AIM OF THE EXERCISE:
Repeat the data exactly as given below, dropping every picture.

(Dataset entries)
--------
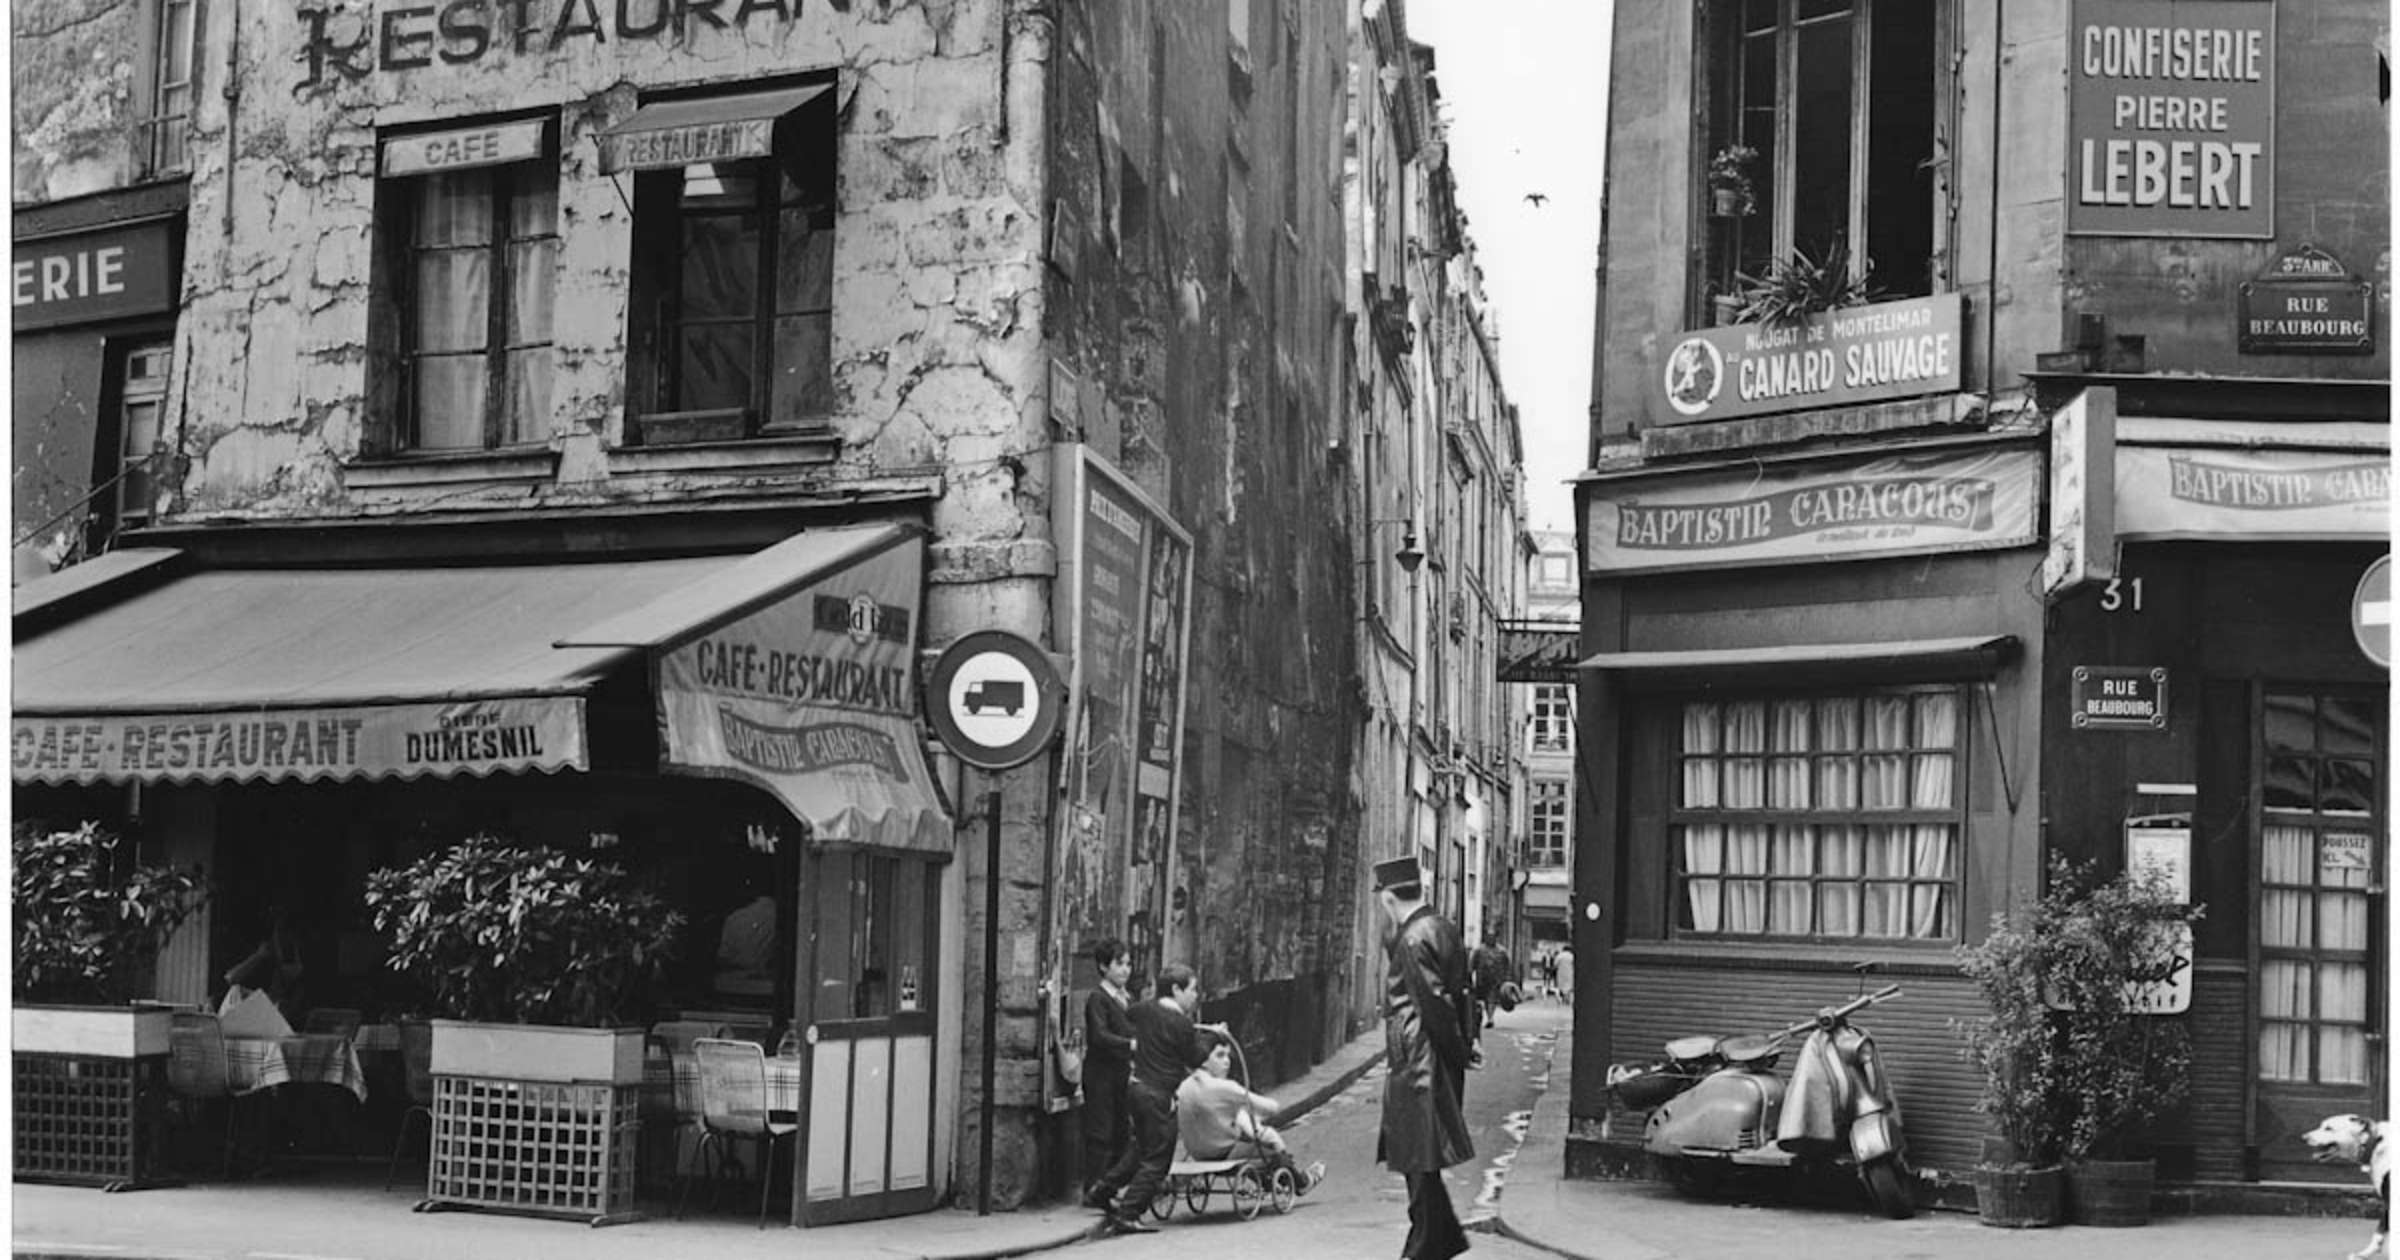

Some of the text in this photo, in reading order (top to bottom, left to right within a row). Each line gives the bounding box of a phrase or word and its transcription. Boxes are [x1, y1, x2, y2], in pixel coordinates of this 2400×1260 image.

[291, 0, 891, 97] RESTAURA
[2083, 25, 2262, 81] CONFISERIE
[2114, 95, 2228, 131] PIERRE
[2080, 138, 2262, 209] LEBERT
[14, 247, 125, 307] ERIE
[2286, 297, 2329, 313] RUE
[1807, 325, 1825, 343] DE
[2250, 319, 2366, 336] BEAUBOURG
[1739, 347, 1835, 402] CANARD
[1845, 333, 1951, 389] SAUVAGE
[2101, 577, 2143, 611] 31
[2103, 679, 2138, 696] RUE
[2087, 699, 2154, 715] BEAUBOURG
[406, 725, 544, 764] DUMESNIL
--------
RESPONSE:
Some of the text in this photo, in reading order (top to bottom, left to right within a row). Each line gives the bounding box of a phrase or word and its transcription. Boxes are [x1, y1, x2, y2], in pixel coordinates of this 2400×1260 image.

[291, 0, 891, 97] RESTAURA
[2083, 25, 2262, 81] CONFISERIE
[2114, 95, 2228, 131] PIERRE
[2080, 138, 2262, 209] LEBERT
[14, 247, 125, 307] ERIE
[2286, 297, 2329, 313] RUE
[1807, 325, 1825, 343] DE
[2250, 319, 2366, 336] BEAUBOURG
[1739, 347, 1835, 402] CANARD
[1845, 333, 1951, 389] SAUVAGE
[2101, 577, 2143, 611] 31
[2103, 679, 2138, 696] RUE
[2087, 699, 2154, 715] BEAUBOURG
[406, 725, 544, 764] DUMESNIL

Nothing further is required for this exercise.